I am currently working on a large data set containing about 9,000 observations belonging to different groups. Now, I would like to use a method called split-sample design to analyze this data. Let me explain in detail what I would like to do. My data has the following structure:
GroupID Performance Commitment Affect Size
1234 5 4 2 2
1234 6 8 9 2
2235 4 3 2 5
2235 4 3 2 5
2235 2 1 7 5
2235 2 1 7 5
2235 2 6 10 5
3678 3 5 5 4
3678 7 3 5 4
3678 5 2 6 4
3678 1 4 6 4
Now, I would like to aggregate this data in the following way: For each group, I would like to use the average performance score of the first half of the group and the average commitment and affect scores of the second half of the group to create one new observation (for uneven group sizes I would like to drop one random observation within the group - e.g. the last observation in a group - to create an even group size). However, I would like to do this in two steps. First, the data should look like this:
GroupID Performance Commitment Affect Size
1234 5 8 9 2
2235 4 1 7 5
2235 4 1 7 5
3678 3 2 6 4
3678 7 4 6 4
In the next step, I would like to aggregate the data. The new data set would have one observation per group and look like this:
GroupID Performance Commitment Affect Size
1234 5 8 9 2
2235 4 1 7 5
3678 5 3 6 4
Again, please note that the last observation of group 2235 was dropped, since the group size was an uneven number.

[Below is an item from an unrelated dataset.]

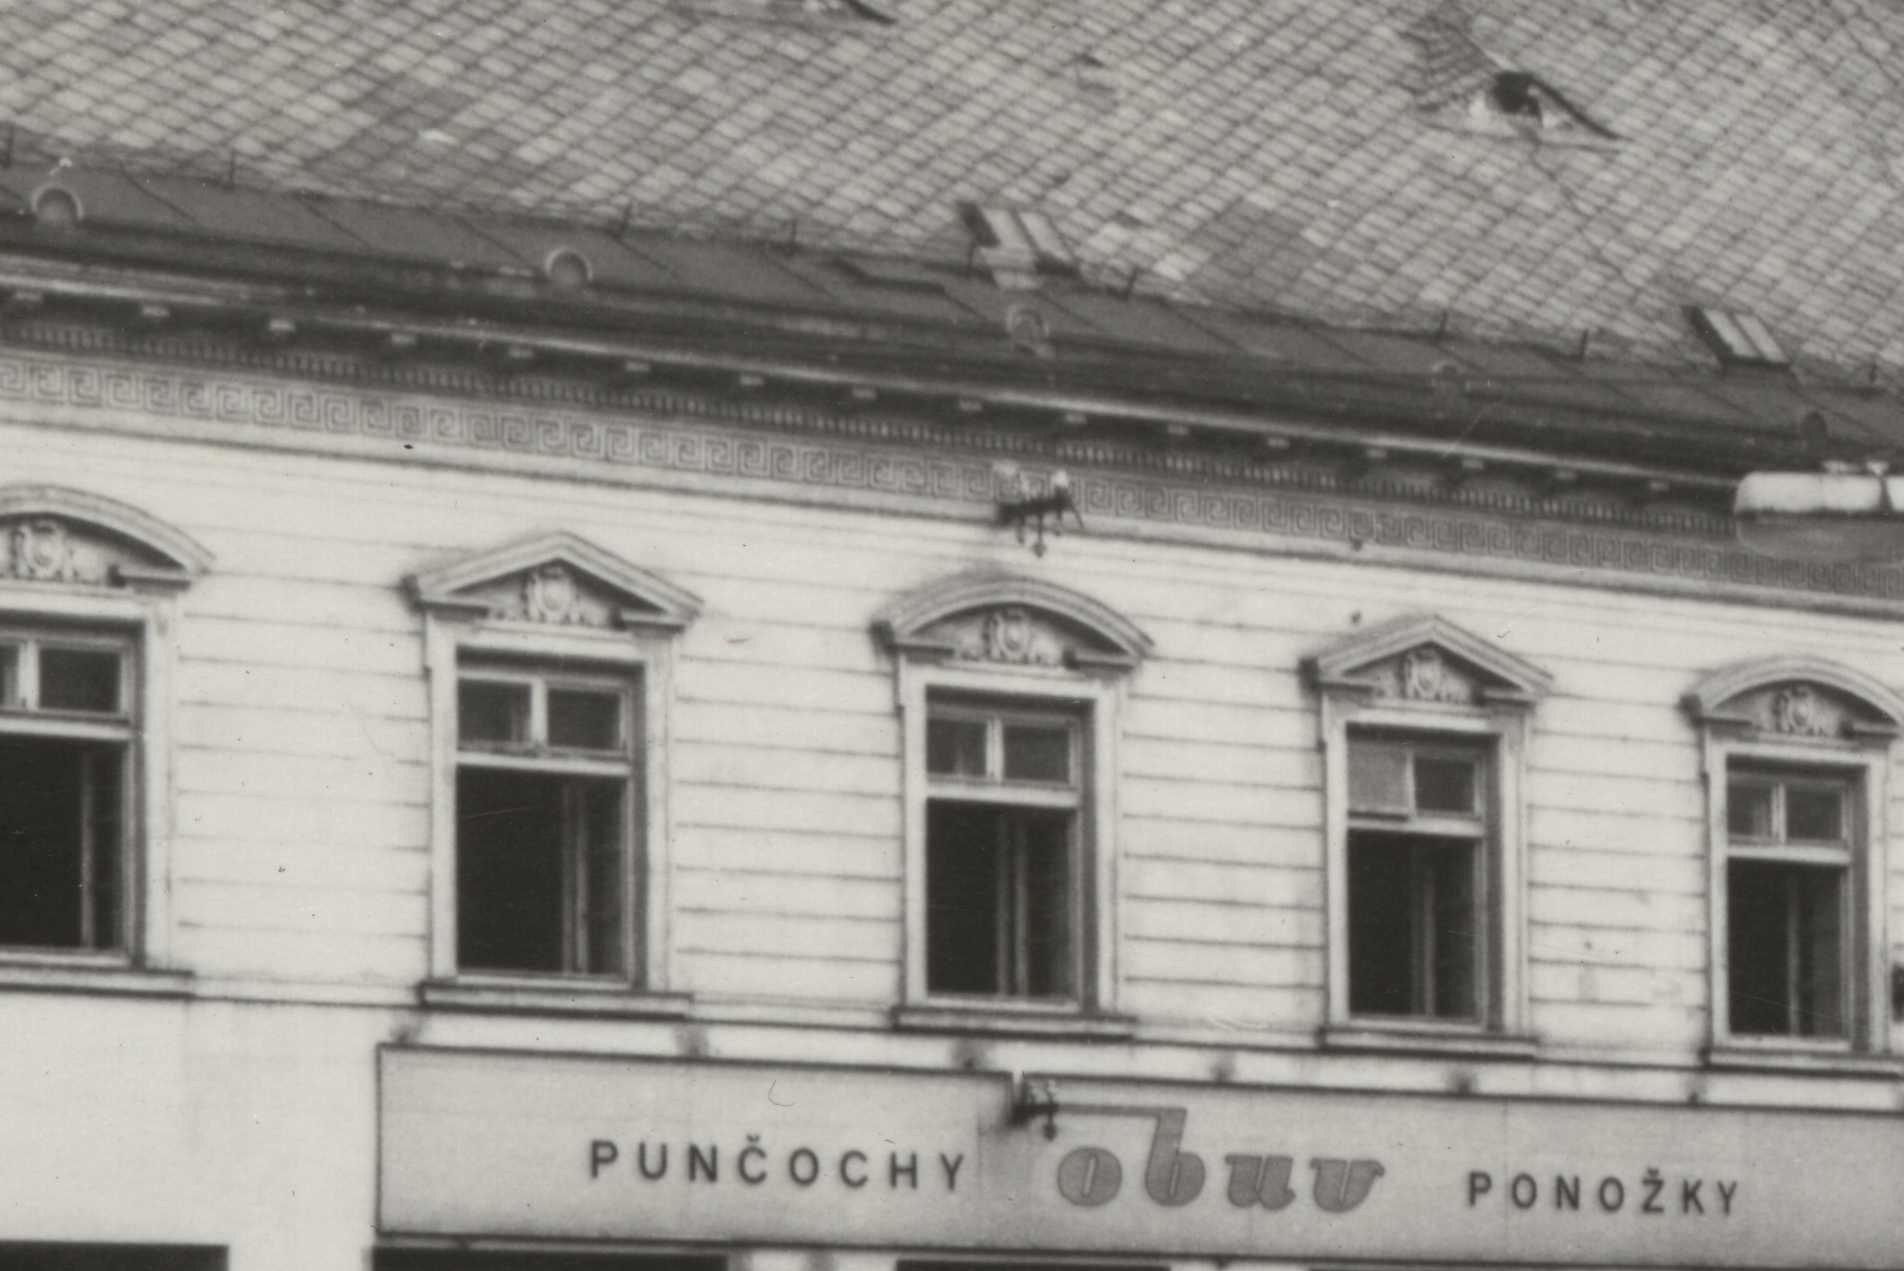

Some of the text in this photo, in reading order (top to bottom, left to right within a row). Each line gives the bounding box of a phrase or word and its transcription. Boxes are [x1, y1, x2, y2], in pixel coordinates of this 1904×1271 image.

[588, 1105, 1738, 1217] PUNČOCHY obuv PONOŽKY

Is there any package out there that would split and aggregate my data in this way? If not, how would you go ahead and code this? I would be very grateful for any advice, since I have currently no idea how to elegantly approach this, other than writing a bunch of for
loops.
Here is the code for the above example:
groupid <- c(1234, 1234, 2235, 2235, 2235, 2235, 2235, 3678, 3678, 3678, 3678)
performance <- c(5, 6, 4, 4, 2, 2, 2, 3, 7, 5, 1)
commitment <- c(4, 8, 3, 3, 1, 1, 6, 5, 3, 2, 4)
affect <- c(2, 9, 2, 2, 7, 7, 10, 5, 5, 6, 6)
size <- c(2, 2, 5, 5, 5, 5, 5, 4, 4, 4, 4)
mydata <- data.frame(groupid, performance, commitment, affect, size)
Many thanks!!